Press release

What can you do with your voice?

Explore the unexpected qualities of your vocal cords at Wellcome Collection’s late event. Sounds of chattering, squawking and singing will fill Wellcome Collection as the building opens late (19.00-23.00) on Friday 1 March for The Voice, a fascinating night of talks, activities and performance, celebrating the extraordinary beauty of this everyday instrument.

How do we make the sounds of speech, and what's the role of our upright gait? Rediscover the wonder of the voice with neuroscientist Professor Sophie Scott before contemplating a future in which we converse with artificial agents and robot companions with speech technologist Roger K Moore. Tales of ventriloquism, telepathy and the legend of "his master's voice" will be told by composer Sarah Angliss as she explores the early history of recorded sound.

Artist Mikhail Karikis will perform a new site-specific work for voices, which maps the body through sound. Devised with the Wellcome Trust staff choir, the piece explores how a range of vocal frequencies resonate across the body. Visitors can stretch their own glottis as they take part in an interactive installation created entirely from voices and sounds collected throughout the evening by Incidental using their innovative Feed music app.

Ever wondered how we make vowel sounds? The curious-minded will be able to build a replica vocal tract and investigate the mechanics and phenomenon of speech through live demonstrations with scientists from UCL, the University of Sheffield and the University of Sussex.

Neuroscientist Sam Clarke will explore the "working voice" with a cabaret of vocal professionals. Visitors can experience yodelling, pick up tips from a vocal coach, hear how audio description brings the world to life, and marvel at a sports commentator's patter. Meanwhile, the itinerant Jonathan P Watts will be hailing listeners as he explores the history of the London street cry through a series of live readings, and radio collective In the Dark will be dimming the lights for a night of stories told through recorded sound.

From sweet nothings to hot gossip, visitors will also be able to find a friend and make a call with some tin-can retro technology, participate in a walkie-talkie conversation devised by artists Townley and Bradby, get up close to an incognito opera singer, and meet Charlie the parrot and his handler. Visitors should listen carefully and prepare to be misdirected by poets Holly Pester and Daniel Rourke, who will be delivering acoustic surprises throughout the evening.
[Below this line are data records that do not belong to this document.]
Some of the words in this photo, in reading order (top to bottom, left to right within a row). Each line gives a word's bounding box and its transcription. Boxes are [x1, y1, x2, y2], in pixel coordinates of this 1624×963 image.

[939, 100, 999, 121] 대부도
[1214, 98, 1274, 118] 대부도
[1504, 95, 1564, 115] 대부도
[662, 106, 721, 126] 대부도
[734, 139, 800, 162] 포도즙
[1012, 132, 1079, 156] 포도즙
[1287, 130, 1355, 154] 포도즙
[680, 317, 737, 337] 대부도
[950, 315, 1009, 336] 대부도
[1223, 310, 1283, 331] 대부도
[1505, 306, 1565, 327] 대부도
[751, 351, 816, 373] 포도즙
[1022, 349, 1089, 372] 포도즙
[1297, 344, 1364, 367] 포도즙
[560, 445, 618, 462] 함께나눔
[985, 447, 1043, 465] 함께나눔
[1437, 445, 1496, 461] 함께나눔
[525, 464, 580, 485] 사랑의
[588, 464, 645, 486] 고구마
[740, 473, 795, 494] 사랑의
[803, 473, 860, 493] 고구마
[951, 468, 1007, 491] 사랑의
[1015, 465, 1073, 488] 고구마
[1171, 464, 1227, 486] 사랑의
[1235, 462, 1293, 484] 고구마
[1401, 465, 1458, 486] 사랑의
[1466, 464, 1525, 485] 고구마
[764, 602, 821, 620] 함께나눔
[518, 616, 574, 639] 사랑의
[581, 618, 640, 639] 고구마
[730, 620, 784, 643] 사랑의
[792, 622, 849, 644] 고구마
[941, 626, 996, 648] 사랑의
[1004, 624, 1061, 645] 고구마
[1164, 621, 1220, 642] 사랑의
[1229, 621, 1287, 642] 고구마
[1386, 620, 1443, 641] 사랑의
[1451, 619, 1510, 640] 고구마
James Wilkes, poet and curator of The Voice, says: "The voice is at the same time utterly ordinary - almost everyone uses theirs every day - and wonderfully strange. This evening brings some of that strangeness to life as it explores the science and culture of the voice".

Ken Arnold, Head of Public Programmes at Wellcome Collection says: "Our voices are, arguably, our most powerful and evocative instrument, and yet many of us take them for granted. In a vocal extravaganza, The Voice will inspire a new appreciation for this remarkable attribute and offer a stimulating social gathering, in tune with our programme of all-building spectaculars."

Join us to explore the unexpected qualities of your vocal cords at The Voice at Wellcome Collection from 19.00 to 23.00 on Friday 1 March. Entry is free. Drop in any time. Talks will be ticketed; tickets will be available on the night from 19.00. A bar will be open throughout the event.

Wellcome Collection is at 183 Euston Road, London, NW1 2BE. The nearest Tube stations are Euston and Euston Square.

The Voice is curated by poet James Wilkes and researchers Alice Carey and Sally Davies. James is currently poet-in-residence at UCL's Institute of Cognitive Neuroscience.